Abstract
We present the complete genome sequences of Caribbean watersnake bornavirus (CWBV) and Mexican black-tailed rattlesnake bornavirus (MRBV), which we identified in archived raw transcriptomic read data of a Caribbean watersnake (Tretanorhinus variabilis) and a Mexican black-tailed rattlesnake (Crotalus molossus nigrescens), respectively. The genomes of CWBV and MRBV have a length of about 8,900 nucleotides and comprise the complete coding regions and the untranslated regions. The overall genomic makeup and predicted gene content is typical for members of the genus Orthobornavirus within the family Bornaviridae. Alternative splicing was detected for the L and M genes. Based on a phylogenetic analysis of all viral proteins, we consider both viruses to be members of a single novel species within the genus Orthobornavirus. Both viruses form a distinct outgroup to all currently known orthobornaviruses. Based on the novel virus genomes, we furthermore identified closely related endogenous bornavirus-like nucleoprotein sequences in transcriptomic data of veiled chameleons (Chamaeleo calyptratus) and a common lancehead (Bothrops atrox).
The family Bornaviridae belongs to the order Mononegavirales [1] and comprises viruses with a monopartite single-stranded RNA(-) genome that form enveloped and spherical virions with a diameter of 70-130 nm. Their genomes are about 8.9 kb in length and encode the nucleoprotein (N), the accessory protein X, the phosphoprotein (P), the matrix protein (M), the glycoprotein (G), and the large protein (L), which contains the RNA-directed RNA polymerase. The organization of the respective open reading frames varies among the different bornaviruses, and additional protein isotypes produced by alternative splicing [2] or start codon skipping [3] have been reported. Bornaviruses are divided into the three taxonomic genera: Orthobornavirus, Carbovirus, and Cultervirus [1, 4].

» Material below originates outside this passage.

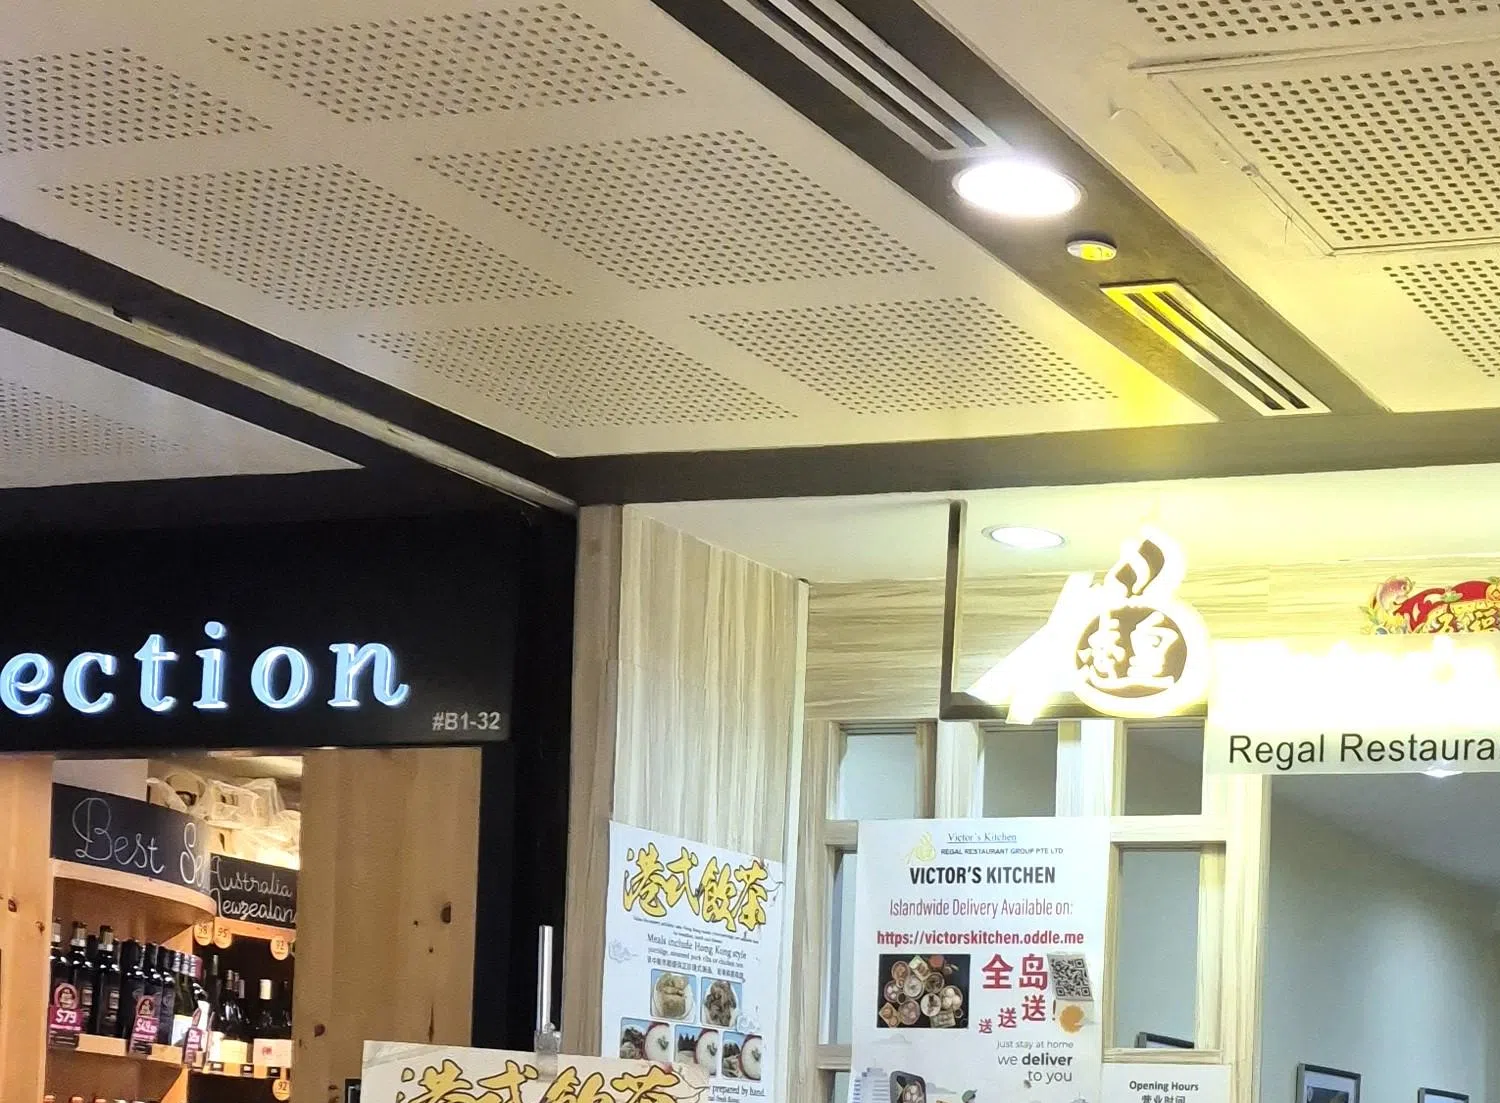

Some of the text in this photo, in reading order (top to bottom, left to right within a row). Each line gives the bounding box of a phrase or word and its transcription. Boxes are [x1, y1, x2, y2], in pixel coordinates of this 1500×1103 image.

Currently, orthobornaviruses have the widest known host spectrum within the family Bornaviridae, ranging from mammals and birds to reptiles, whereas carbo- and culterviruses have so far only been identified in reptiles [5, 6] and fish [7], respectively. Mammalian orthobornaviruses are known to be zoonotic agents and may be transmitted from reservoirs, such as shrews or squirrels, to humans, sheep and horses [8–10]. Reptilian carbo- and orthobornaviruses have so far been identified in Australian carpet pythons (Morelia spilota (Lacépède, 1804)) with neurological disease [5] and in a wild-caught Loveridge's garter snake (Elapsoidea loveridgei (Parker, 1949)) [6], respectively. Furthermore, partial sequences of exogenous orthobornavirus-like N, X, and P genes identified in a Gaboon viper (Bitis gabonica (Duméril, Bibron & Duméril, 1854)) [11] suggested a wider distribution of orthobornaviruses among snakes.
In this study, we used data mining of transcriptomic and metagenomic raw RNA read archives in order to identify hitherto undetected bornaviruses of reptiles. As a result, we determined the full genome sequence of two bornaviruses in datasets from colubrid and viperid snakes.
In detail, we initially employed the Serratus website [12] in order to identify datasets within the Sequence Read Archive (SRA) that potentially contain bornavirus-like sequences. We then downloaded promising SRA datasets (SRR5440420 and SRR9693197), trimmed them with respect to quality and adapter contamination using Trim Galore (v0.6.6), and subsequently used rnaSPAdes (v3.13.0) for de novo assembly. The resulting contigs were then screened for bornavirus-like sequences using DIAMOND BLASTX (v0.9.21.122) with a representative database of bornavirus proteins. For both SRA datasets, the initial assembly yielded a single contig representing the complete viral genome. These initial contigs were then further polished using an iterative mapping and assembly strategy [13]. The full genomes were annotated with respect to known bornaviruses using Geneious Prime (v2021.0.1). Furthermore, we predicted introns and splice sites using STAR (v2.7.7a) running in basic two-pass mode. The splice sites deduced from raw reads were further evaluated by in silico prediction using NNSPLICE (v0.9). Transcription termination sites were predicted using sequence similarity [14] and manual inspection of raw reads showing transition to polyA at the respective termination position.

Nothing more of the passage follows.